Joseph Sanders, for defendants.

BUSHNELL, J.

This suit for divorce was brought on October 31, 1949, by plaintiff Adele Brown against defendant William H. Brown. In an amended bill of complaint filed on November 6, 1950, plaintiff sought and obtained an order, adding as parties-defendants Louis Brown, Fannie Brown, Tamara Brown, Eleanor Brown, Bertha Allen, Edward Allen, and Joseph S. Brown. The added defendants are charged with conspiring with the principal defendant to defraud the plaintiff by taking over the control of the various properties in which Brown had an interest.

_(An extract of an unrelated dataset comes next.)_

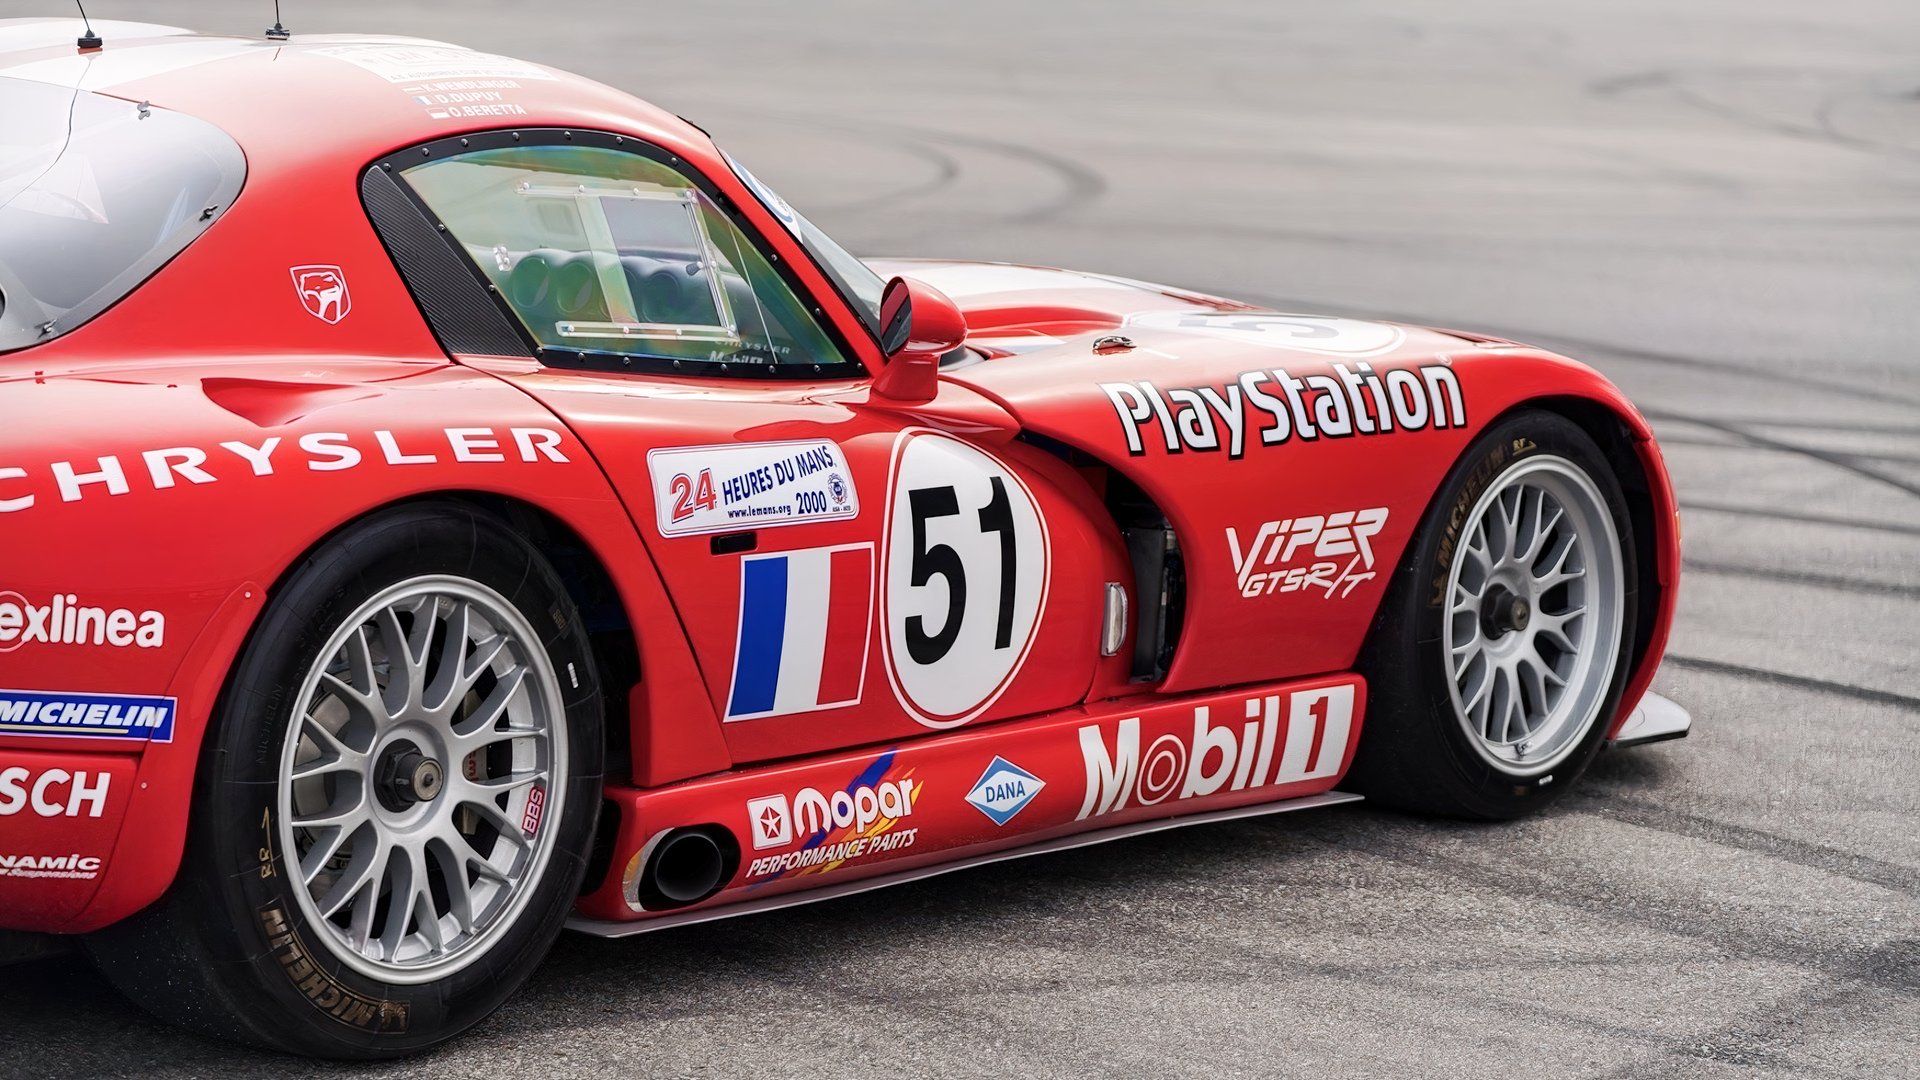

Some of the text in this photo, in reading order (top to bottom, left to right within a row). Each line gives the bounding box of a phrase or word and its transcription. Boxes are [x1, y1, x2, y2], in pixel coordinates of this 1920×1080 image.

Bertha Allen, sometimes called Birdie, is the sister of defendant William H. Brown. Edward Allen is her husband. Tamara Brown and Eleanor Brown are also sisters of the defendant. The remaining defendants, who do not join in the appeal, are members of the Brown family.

Adele and William, who were married in Detroit on December 1, 1940, lived and cohabited together until about October 6, 1949. The parties have 2 children, Walter and Joyce, who in 1949 were respectively 8 and 4 1/2 years of age.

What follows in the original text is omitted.